WHAT NEEDS TO BE DONE
Restate the entries below exactly. Images are not part of the copy.

*** DATASET ***

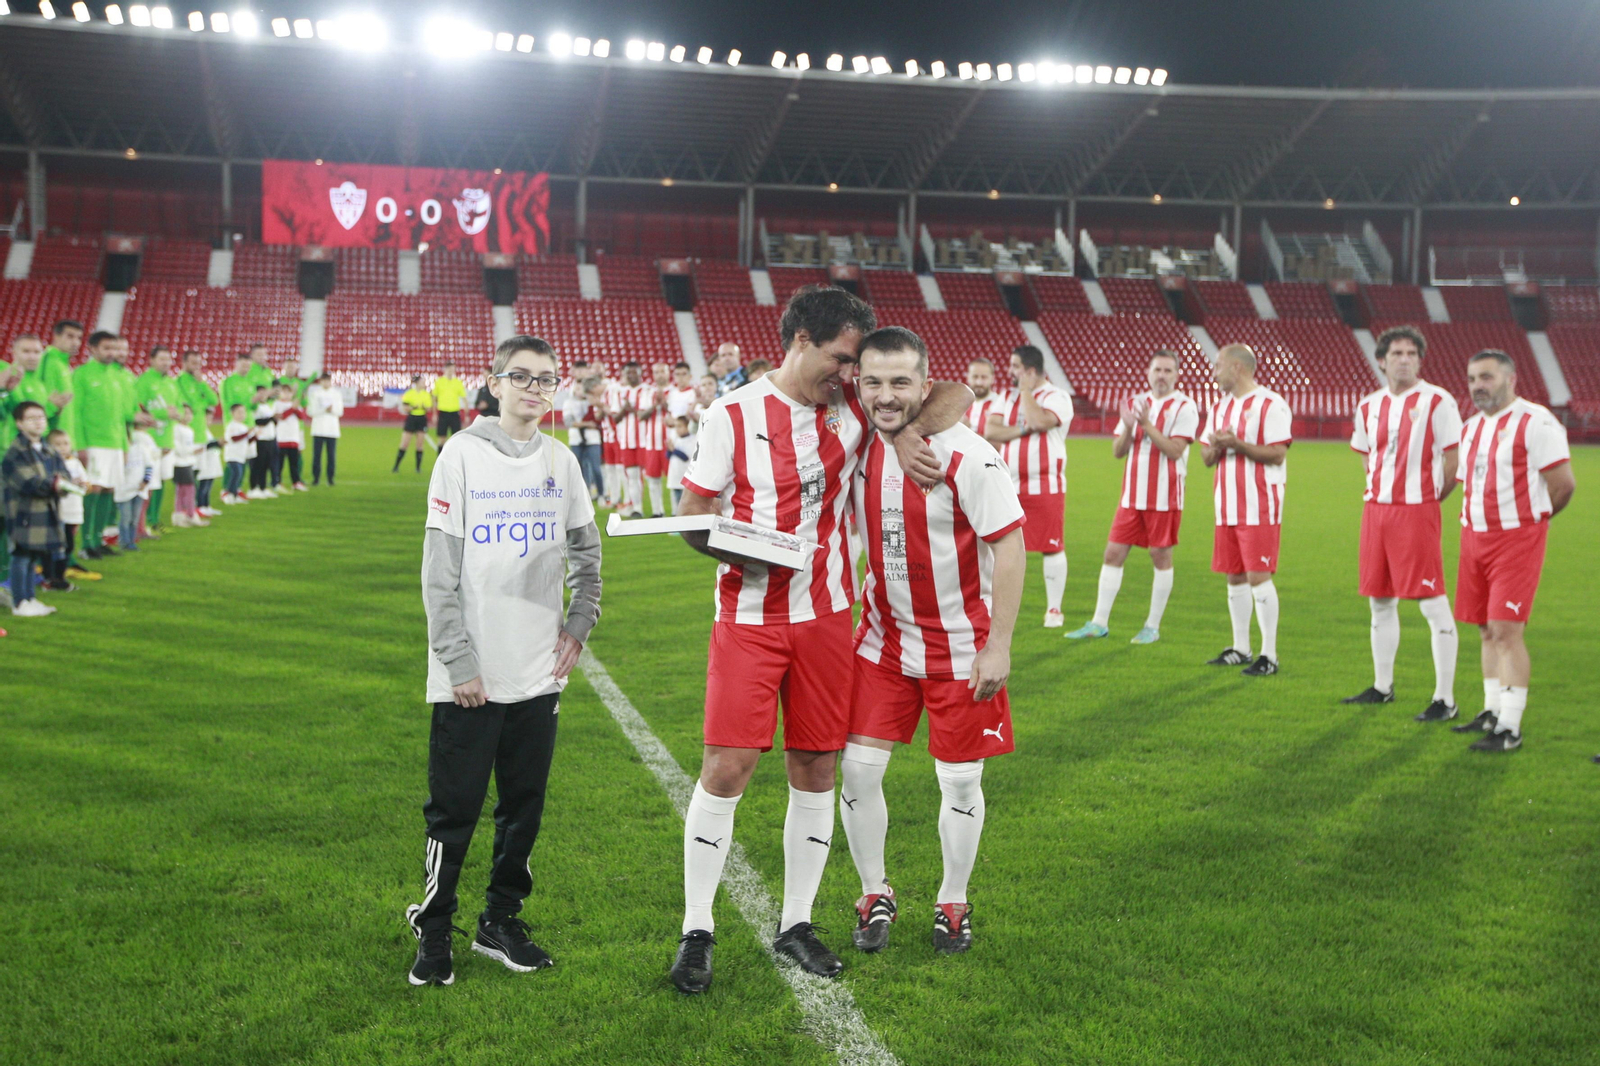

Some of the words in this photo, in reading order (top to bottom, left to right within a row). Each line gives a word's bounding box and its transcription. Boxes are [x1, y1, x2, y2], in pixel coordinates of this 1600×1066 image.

[375, 197, 398, 223] 0
[420, 199, 442, 225] 0
[470, 490, 496, 500] Todos
[499, 491, 516, 499] con
[518, 487, 540, 498] JOSÉ
[542, 488, 563, 498] ORTIZ
[533, 509, 556, 518] cáncer
[472, 522, 556, 558] argar
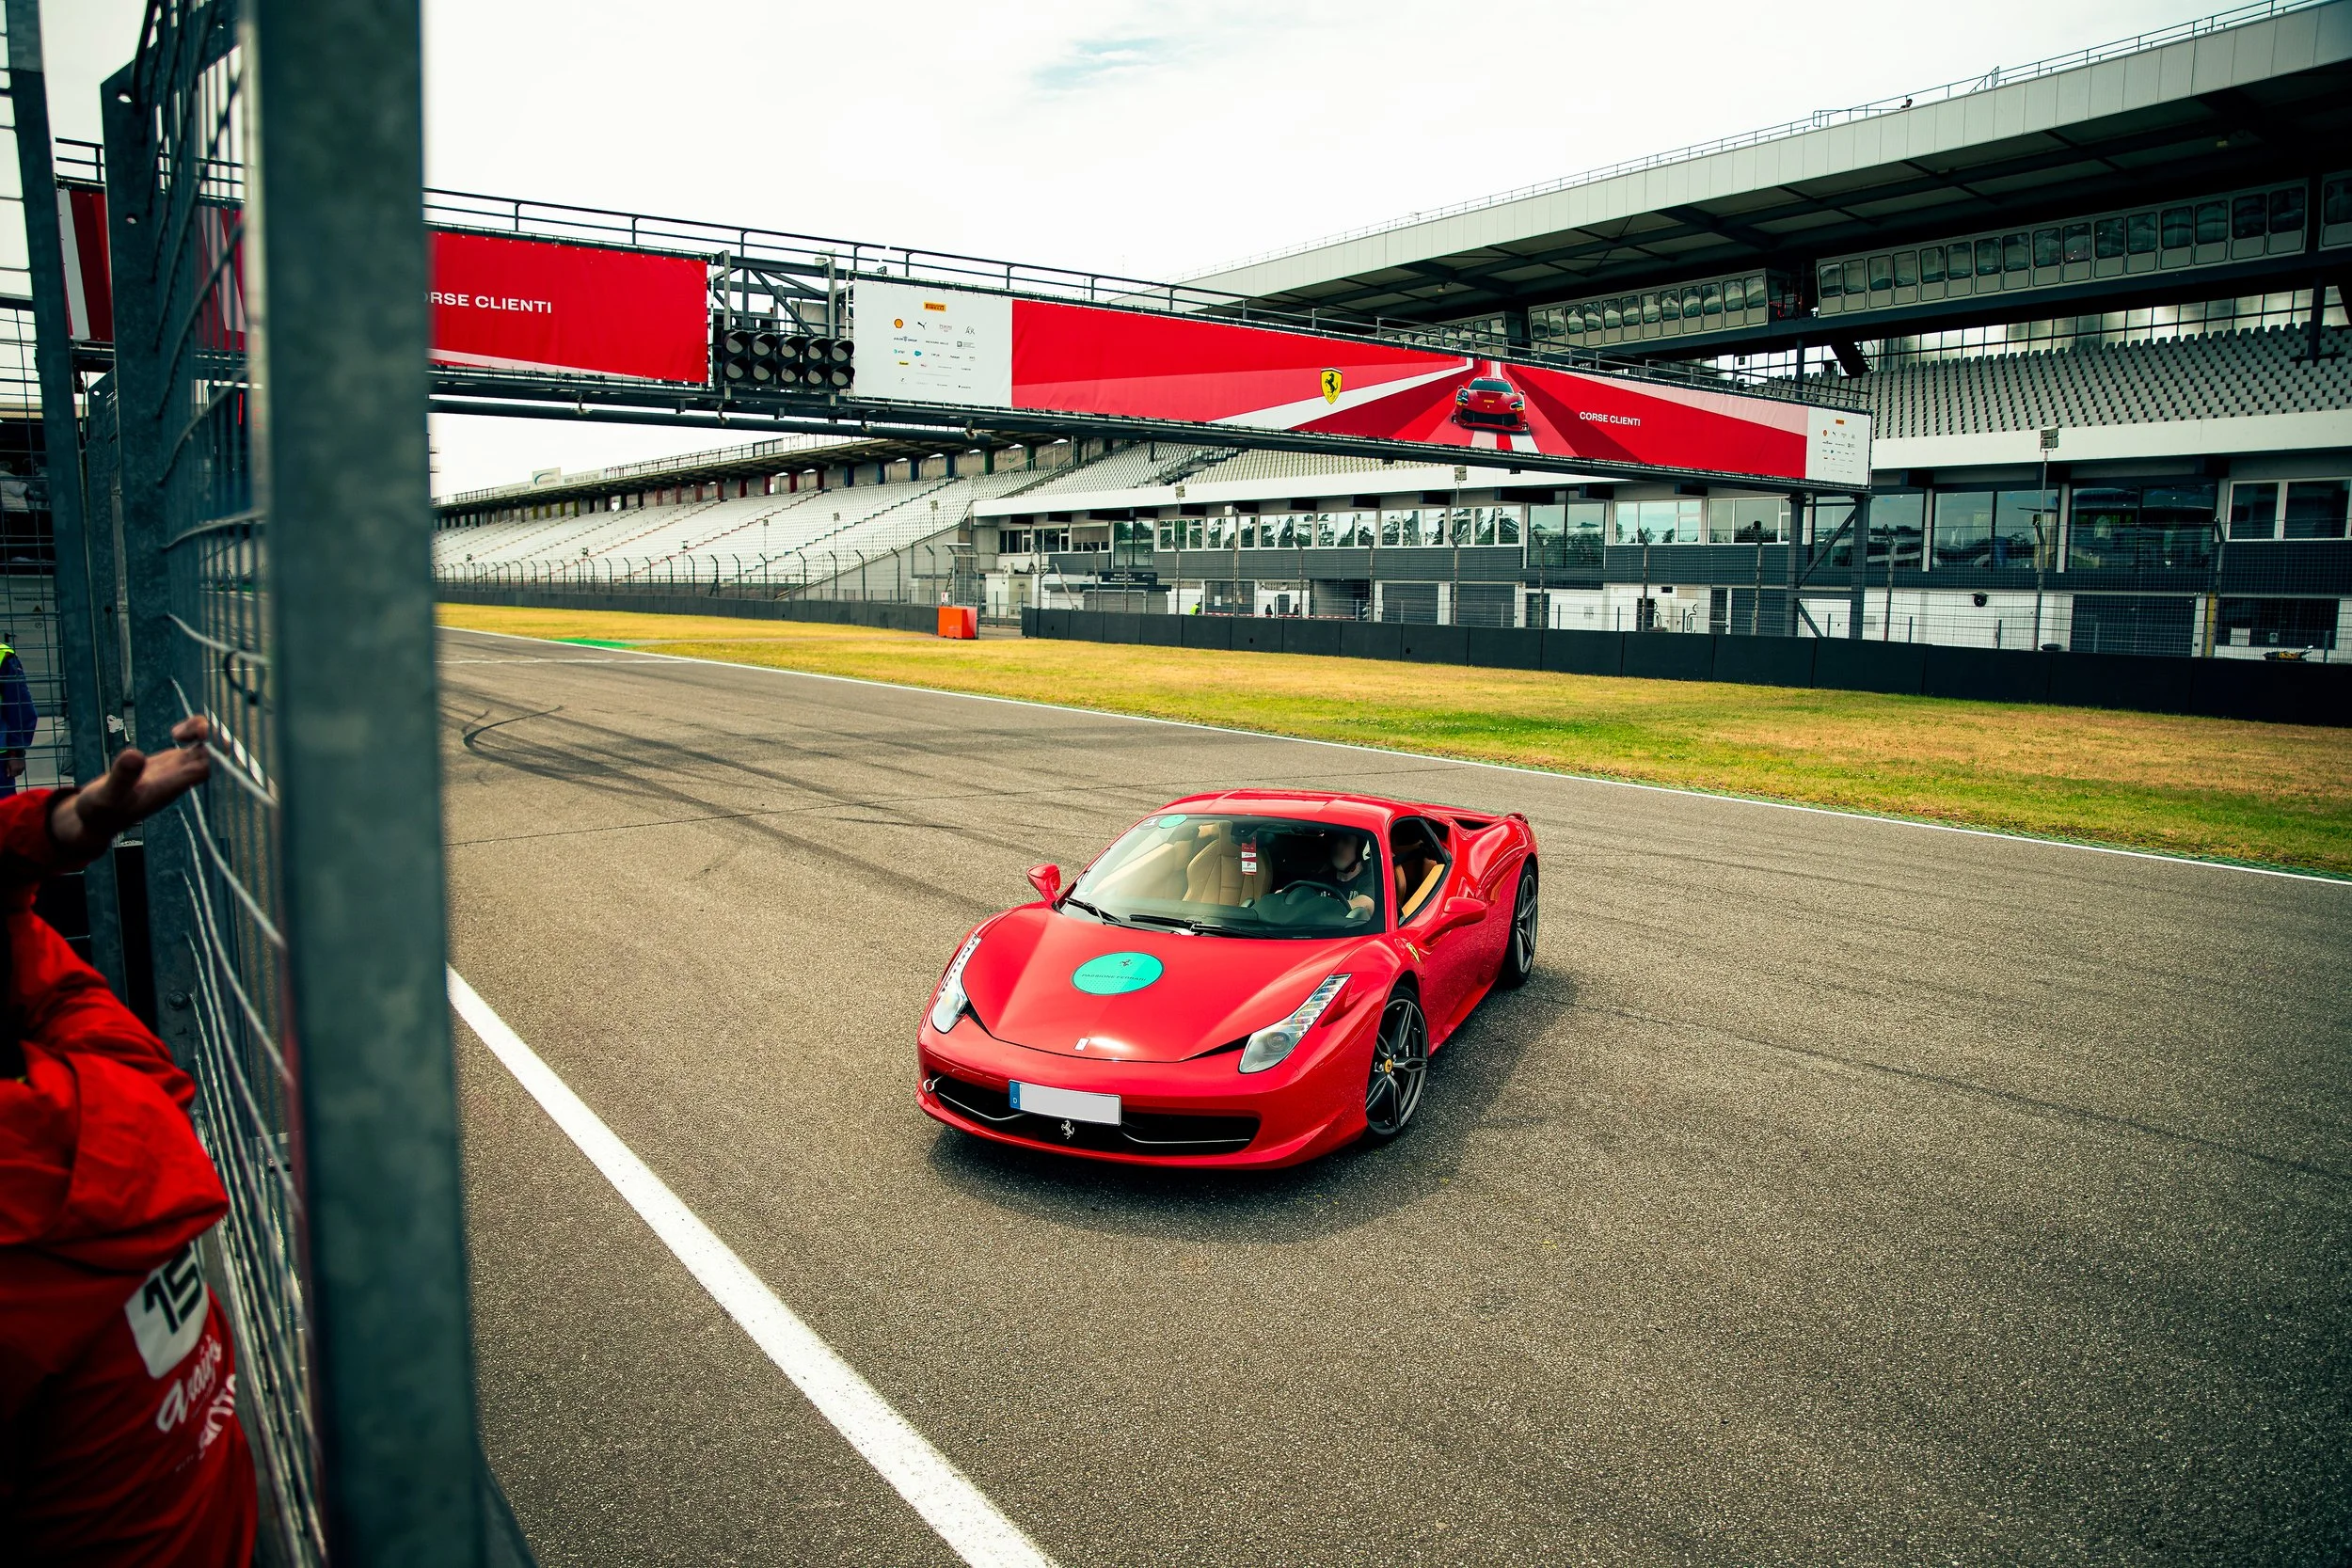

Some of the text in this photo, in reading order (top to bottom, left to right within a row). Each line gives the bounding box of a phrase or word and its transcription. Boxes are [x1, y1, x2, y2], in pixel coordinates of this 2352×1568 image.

*** End of DATASET ***

EXPECTED ANSWER
Some of the words in this photo, in reading order (top to bottom, left to right within a row). Each line gives a word's bounding box and its transcription. Boxes are [x1, y1, x2, y2], in pixel coordinates of this 1600×1066 image.

[375, 197, 398, 223] 0
[420, 199, 442, 225] 0
[470, 490, 496, 500] Todos
[499, 491, 516, 499] con
[518, 487, 540, 498] JOSÉ
[542, 488, 563, 498] ORTIZ
[533, 509, 556, 518] cáncer
[472, 522, 556, 558] argar

Some of the text in this photo, in reading order (top to bottom, left to right within a row). Each line gives the bounding box of a phrase or word and its transcription. Boxes are [x1, y1, x2, y2], in pixel coordinates of this 2352×1568 image.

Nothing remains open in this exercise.